• YOUR GOAL: Transcribe the entries exactly. Omit the pictures.

-- Opening Marker --

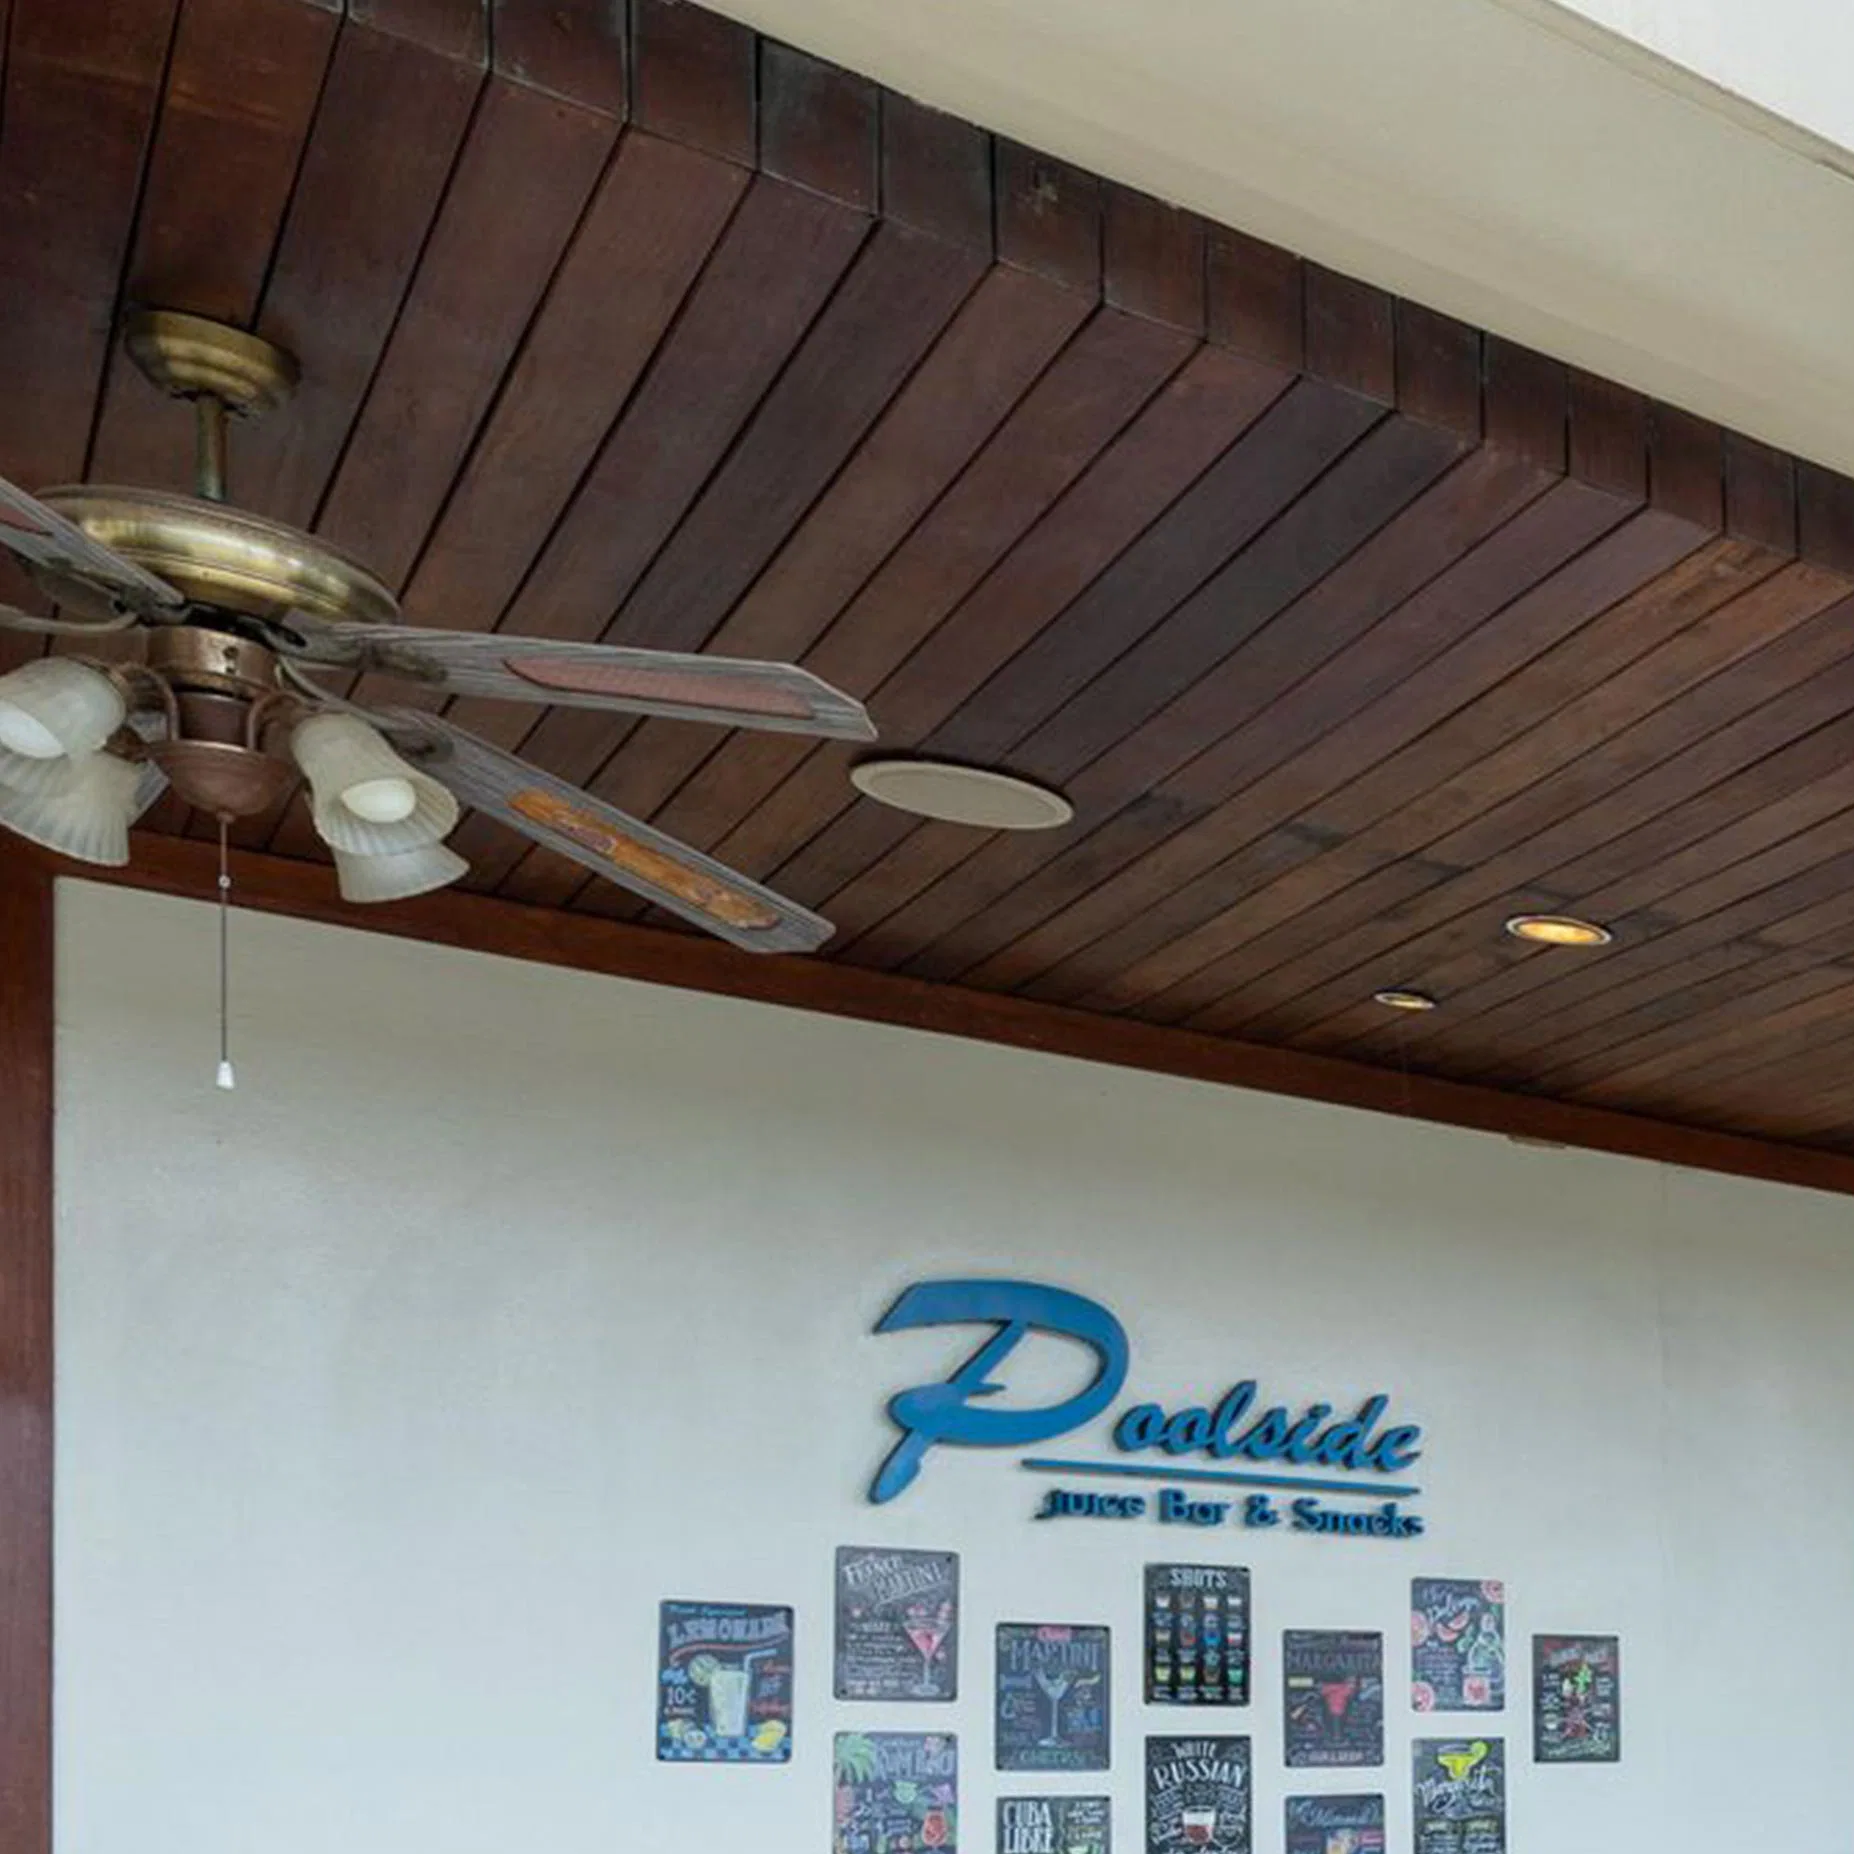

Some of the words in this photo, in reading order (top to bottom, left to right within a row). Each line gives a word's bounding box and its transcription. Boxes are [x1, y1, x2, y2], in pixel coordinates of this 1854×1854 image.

[868, 1278, 1424, 1504] Poolside
[1157, 1487, 1231, 1527] Bar
[1244, 1492, 1282, 1530] &
[1291, 1496, 1426, 1539] Snacks
[1169, 1567, 1228, 1589] SHOTS
[1010, 1639, 1100, 1671] MARTINI
[1170, 1740, 1217, 1759] WHITE
[1152, 1758, 1247, 1791] RUSSIAN
[1003, 1800, 1052, 1828] CUBA
[1003, 1827, 1054, 1854] LIBRE

-- Closing Marker --

• YOUR RESPONSE:
Some of the words in this photo, in reading order (top to bottom, left to right within a row). Each line gives a word's bounding box and its transcription. Boxes are [x1, y1, x2, y2], in pixel coordinates of this 1854×1854 image.

[868, 1278, 1424, 1504] Poolside
[1157, 1487, 1231, 1527] Bar
[1244, 1492, 1282, 1530] &
[1291, 1496, 1426, 1539] Snacks
[1169, 1567, 1228, 1589] SHOTS
[1010, 1639, 1100, 1671] MARTINI
[1170, 1740, 1217, 1759] WHITE
[1152, 1758, 1247, 1791] RUSSIAN
[1003, 1800, 1052, 1828] CUBA
[1003, 1827, 1054, 1854] LIBRE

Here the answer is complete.